**Aim of the task**. Copy each entry precisely as written, and do not carry over the pictures.

+++ Material provided +++

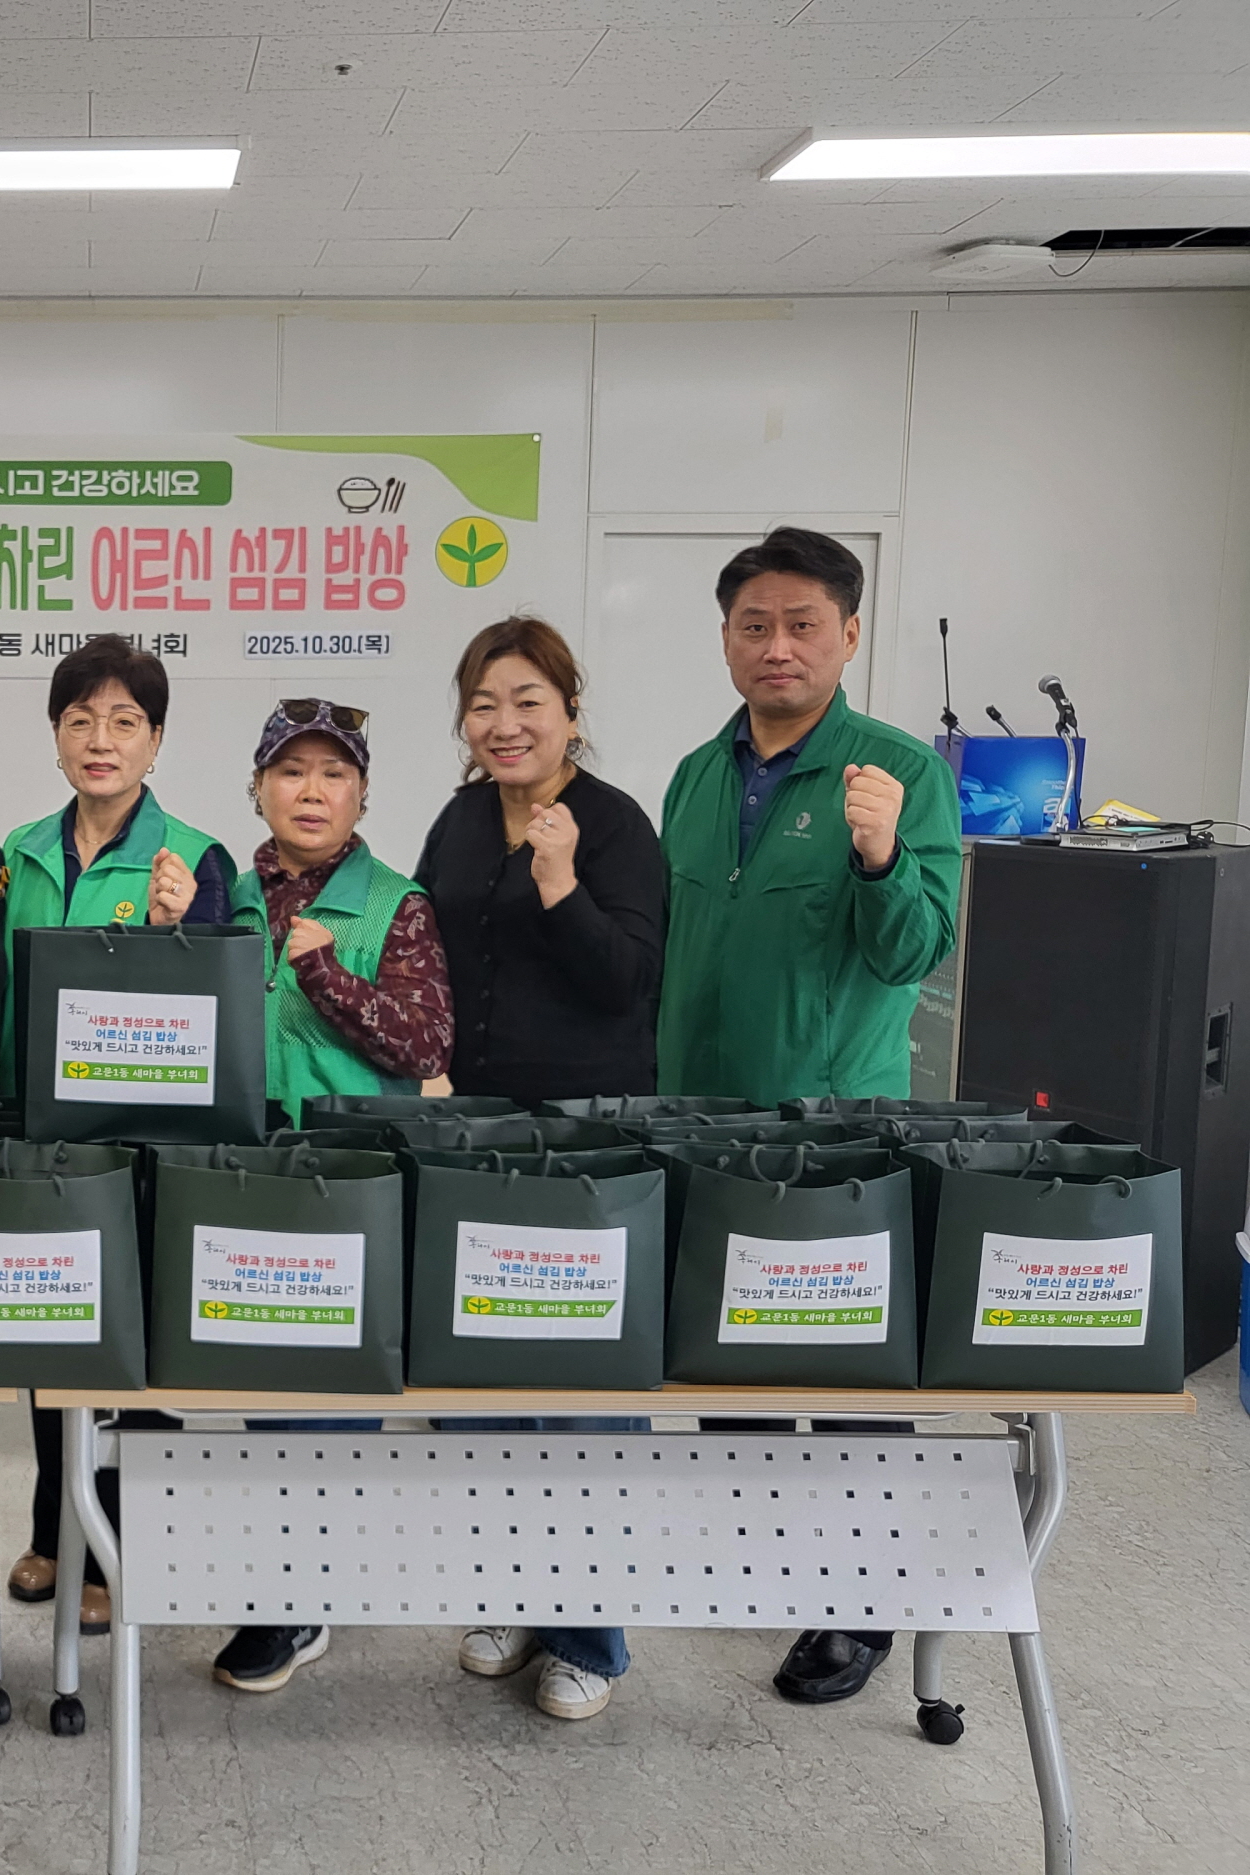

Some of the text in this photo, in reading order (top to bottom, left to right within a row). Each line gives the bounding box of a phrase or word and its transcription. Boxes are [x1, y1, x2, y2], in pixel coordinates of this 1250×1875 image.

[51, 470, 200, 497] 건강하세요
[90, 525, 212, 612] 어르신
[228, 525, 306, 611] 섬김
[323, 524, 408, 611] 밥상
[31, 632, 102, 657] 새마
[87, 1015, 189, 1029] 사랑과 정성으로 차린
[96, 1029, 177, 1042] 어르신 섬김 밥상
[107, 1043, 138, 1054] 드시고
[133, 1069, 163, 1079] 새마을
[3, 1257, 47, 1267] 정성으로
[52, 1256, 74, 1266] 차린
[490, 1249, 600, 1263] 사랑과 정성으로 차린
[226, 1255, 335, 1269] 사랑과 정성으로 차린
[499, 1263, 587, 1277] 어르신 섬김 밥상
[760, 1262, 867, 1274] 사랑과 정성으로 차린
[1018, 1263, 1128, 1275] 사랑과 정성으로 차린
[13, 1270, 34, 1280] 섬김
[39, 1270, 61, 1280] 밥상
[235, 1268, 322, 1282] 어르신 섬김 밥상
[510, 1278, 544, 1288] 드시고
[769, 1275, 854, 1287] 어르신 섬김 밥상
[1026, 1277, 1115, 1288] 어르신 섬김 밥상
[246, 1283, 280, 1294] 드시고
[778, 1289, 812, 1299] 드시고
[1035, 1290, 1071, 1300] 드시고
[15, 1307, 47, 1318] 새마을
[274, 1309, 307, 1320] 새마을
[538, 1304, 570, 1314] 새마을
[804, 1312, 836, 1322] 새마을
[1061, 1313, 1095, 1323] 새마을
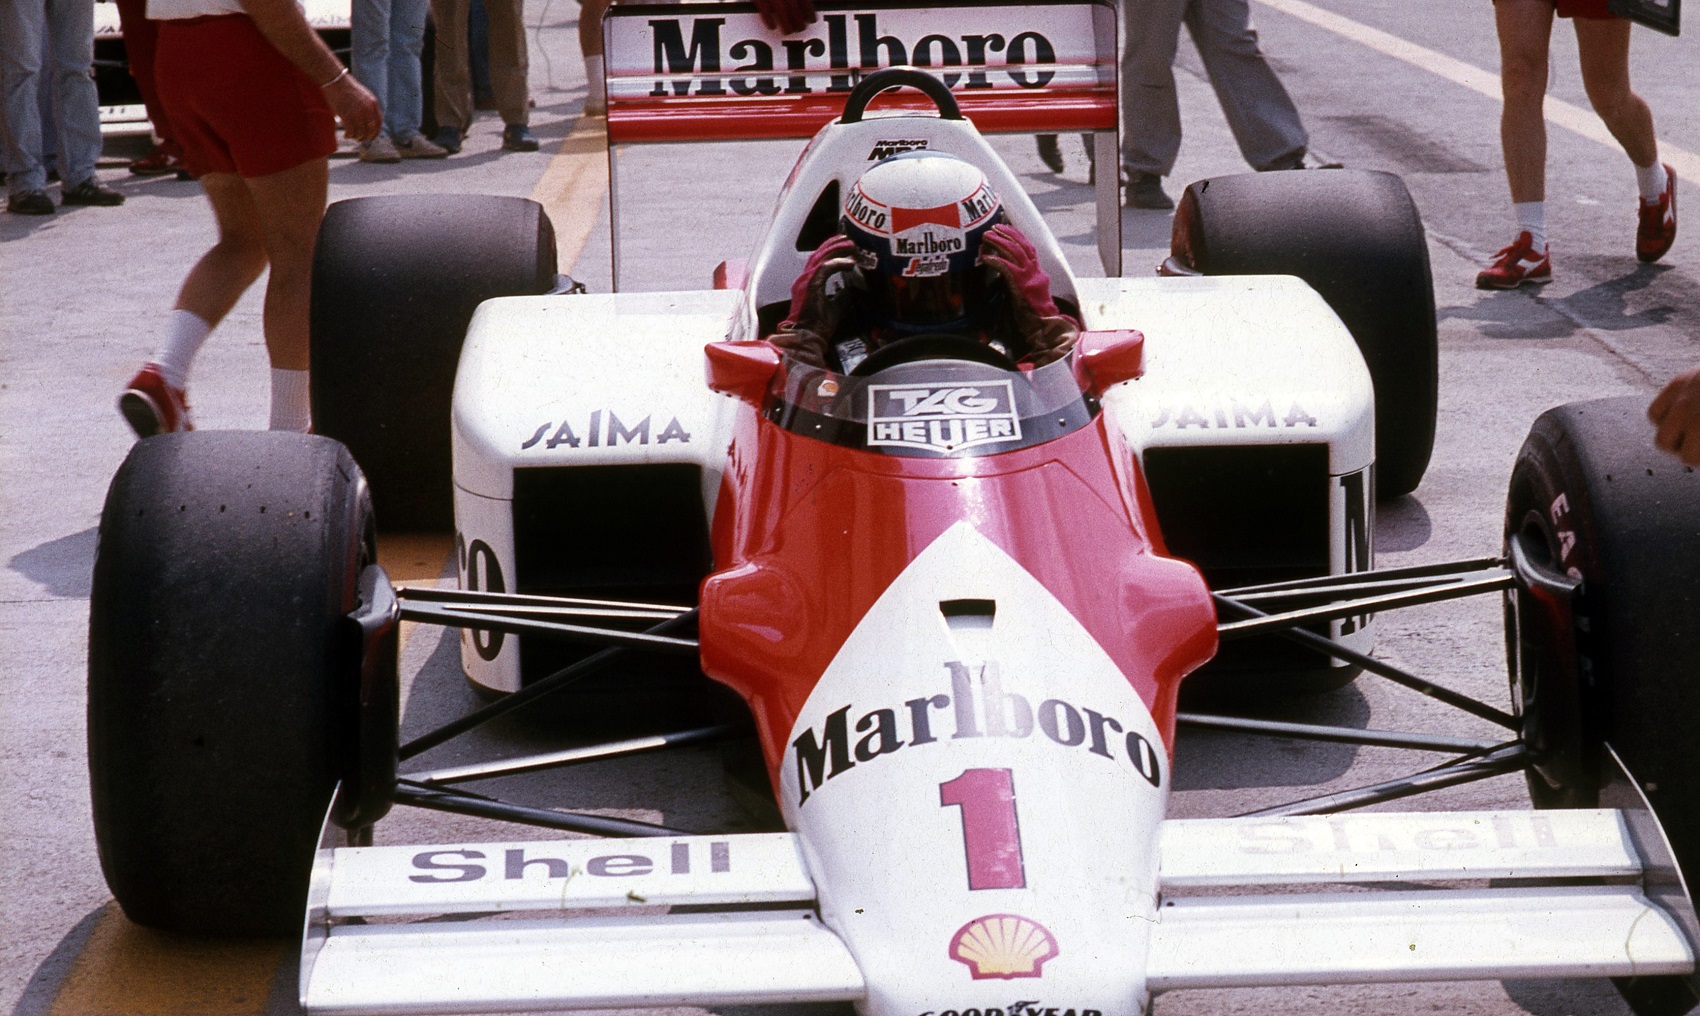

+++

**Answer below**.
Some of the text in this photo, in reading order (top to bottom, left to right within a row). Each line gives the bounding box of a phrase or word and its transcription. Boxes are [x1, y1, x2, y2], in pixel coordinates of this 1250×1875 image.

[51, 470, 200, 497] 건강하세요
[90, 525, 212, 612] 어르신
[228, 525, 306, 611] 섬김
[323, 524, 408, 611] 밥상
[31, 632, 102, 657] 새마
[87, 1015, 189, 1029] 사랑과 정성으로 차린
[96, 1029, 177, 1042] 어르신 섬김 밥상
[107, 1043, 138, 1054] 드시고
[133, 1069, 163, 1079] 새마을
[3, 1257, 47, 1267] 정성으로
[52, 1256, 74, 1266] 차린
[490, 1249, 600, 1263] 사랑과 정성으로 차린
[226, 1255, 335, 1269] 사랑과 정성으로 차린
[499, 1263, 587, 1277] 어르신 섬김 밥상
[760, 1262, 867, 1274] 사랑과 정성으로 차린
[1018, 1263, 1128, 1275] 사랑과 정성으로 차린
[13, 1270, 34, 1280] 섬김
[39, 1270, 61, 1280] 밥상
[235, 1268, 322, 1282] 어르신 섬김 밥상
[510, 1278, 544, 1288] 드시고
[769, 1275, 854, 1287] 어르신 섬김 밥상
[1026, 1277, 1115, 1288] 어르신 섬김 밥상
[246, 1283, 280, 1294] 드시고
[778, 1289, 812, 1299] 드시고
[1035, 1290, 1071, 1300] 드시고
[15, 1307, 47, 1318] 새마을
[274, 1309, 307, 1320] 새마을
[538, 1304, 570, 1314] 새마을
[804, 1312, 836, 1322] 새마을
[1061, 1313, 1095, 1323] 새마을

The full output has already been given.